税理士のポジションマップというものを考えました。税理士の方向性が一目で把握できます。結構力作です。

このマップは、二通りの使い方があります。

一つは、経営者が、依頼する税理士を分析するためです。税理士といっても、いろいろと得手不得手などあります。しかし、なかなか、外部からは、わかりにくいものです。自分から苦手なものを吹聴する人はいませんしね。

もう一つは、税理士が、自信のキャリアを考えるための道具としてです。

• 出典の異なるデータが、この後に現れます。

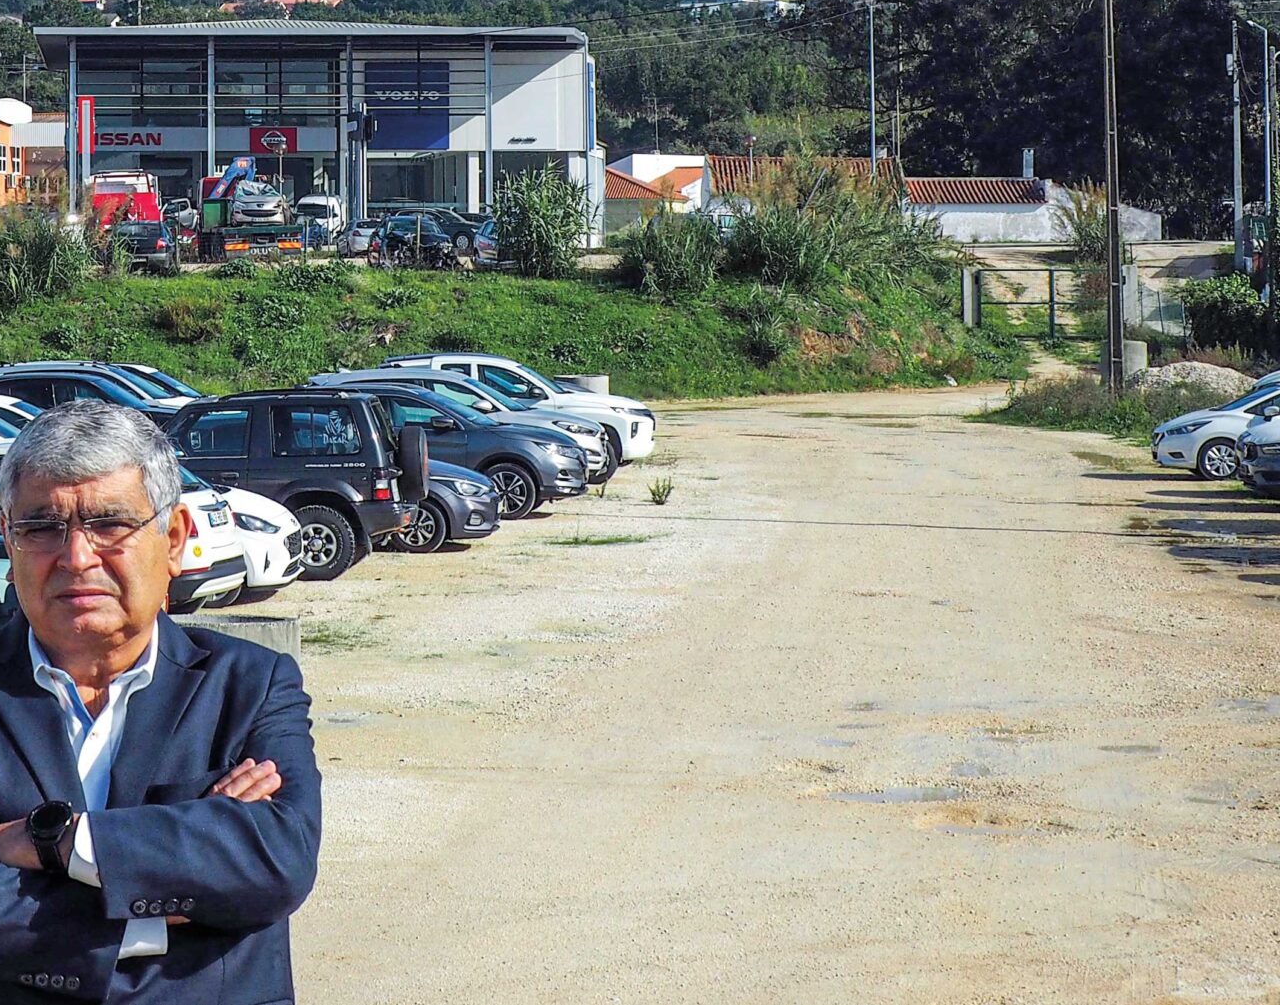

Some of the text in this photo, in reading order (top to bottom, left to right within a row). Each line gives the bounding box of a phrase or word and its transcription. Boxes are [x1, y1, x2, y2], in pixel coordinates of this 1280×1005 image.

[375, 90, 440, 101] VOLVO
[94, 132, 162, 146] ISSAN
[323, 433, 349, 445] DAKAR
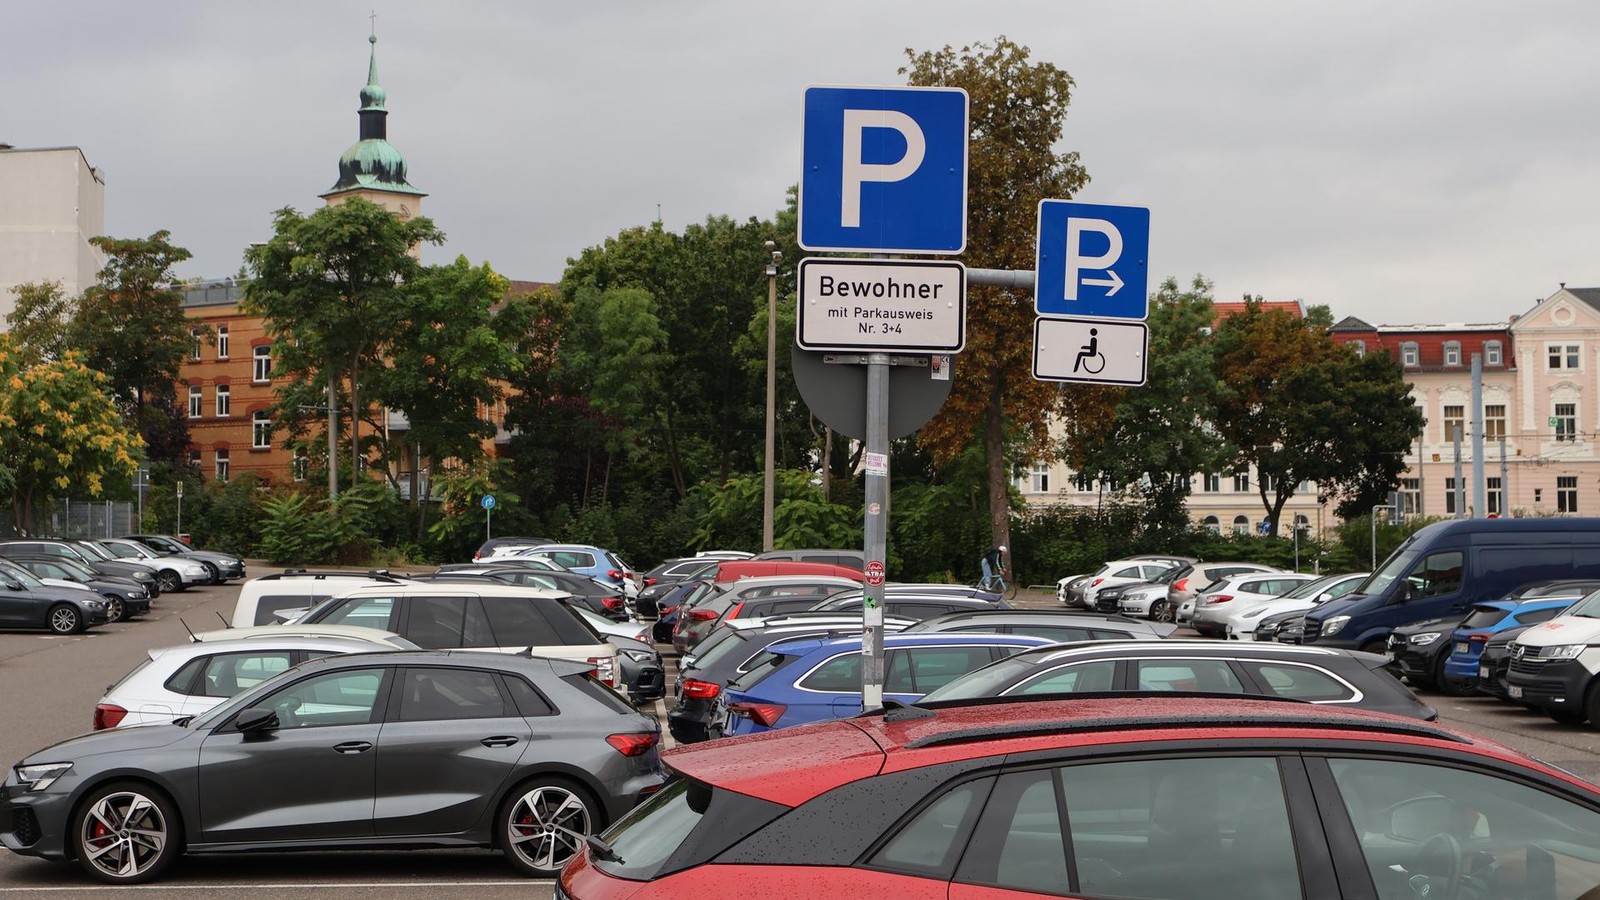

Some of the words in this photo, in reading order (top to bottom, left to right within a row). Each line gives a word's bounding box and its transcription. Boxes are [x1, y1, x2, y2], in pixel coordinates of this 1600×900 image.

[841, 109, 926, 228] P
[1064, 217, 1123, 301] P
[819, 275, 943, 299] Bewohner
[828, 307, 848, 318] mit
[854, 307, 933, 320] Parkausweis
[858, 322, 876, 334] Nr.
[881, 323, 902, 334] 3+4
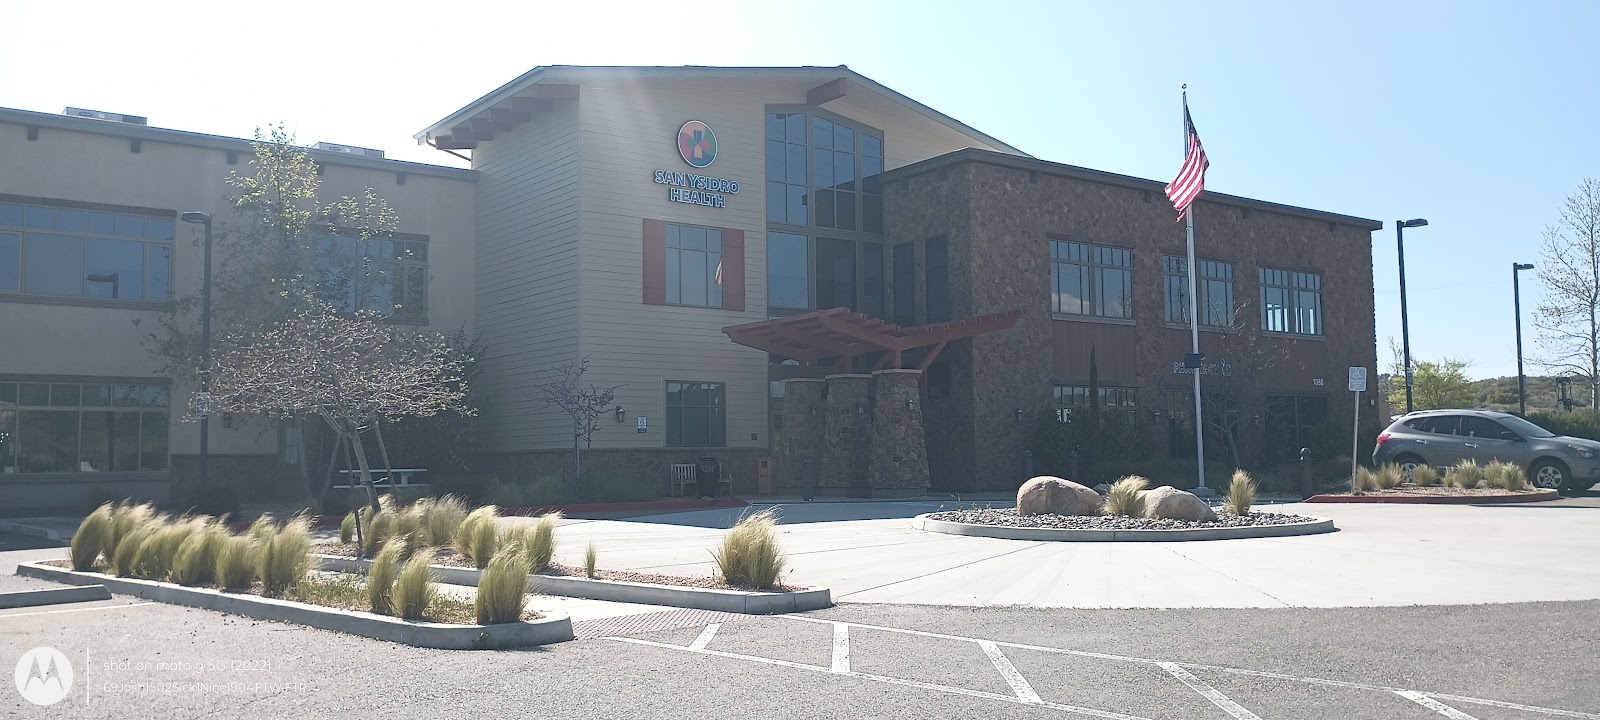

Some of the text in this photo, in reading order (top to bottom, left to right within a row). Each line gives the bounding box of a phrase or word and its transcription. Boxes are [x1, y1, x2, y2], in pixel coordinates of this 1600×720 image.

[653, 169, 740, 194] SAN YSIDRO
[669, 187, 726, 208] HEALTH

実は、私自身のために作りました。

税法研究志向と顧客訪問志向

顧客訪問志向というのは、例えば、必ず毎月訪問しますとか、顔を繋ぐことを大切にする志向です。

税法研究志向というのは、税制改正をしっかり勉強したり、税理士会の研修に毎回出席したり、節税の方法をいろいろ研究したりする傾向です。

税法研究志向と顧客訪問志向に優劣はありません。むしろ、片方に極端に偏っているのは、マイナスだと考えます。どのあたりのポジションかは、税理士の性格で決まってくると思います。

注意点としては、どちらも顧客志向です。顧客のために、頻繁に訪問するのか、税法を研究するのか、という違いです。

どちらも必要なんです。必要なんですが、時間に限りがある以上、有限のリソースをどう配分するか決めなければなりません。両方やってますという税理士のポジションは、真ん中です。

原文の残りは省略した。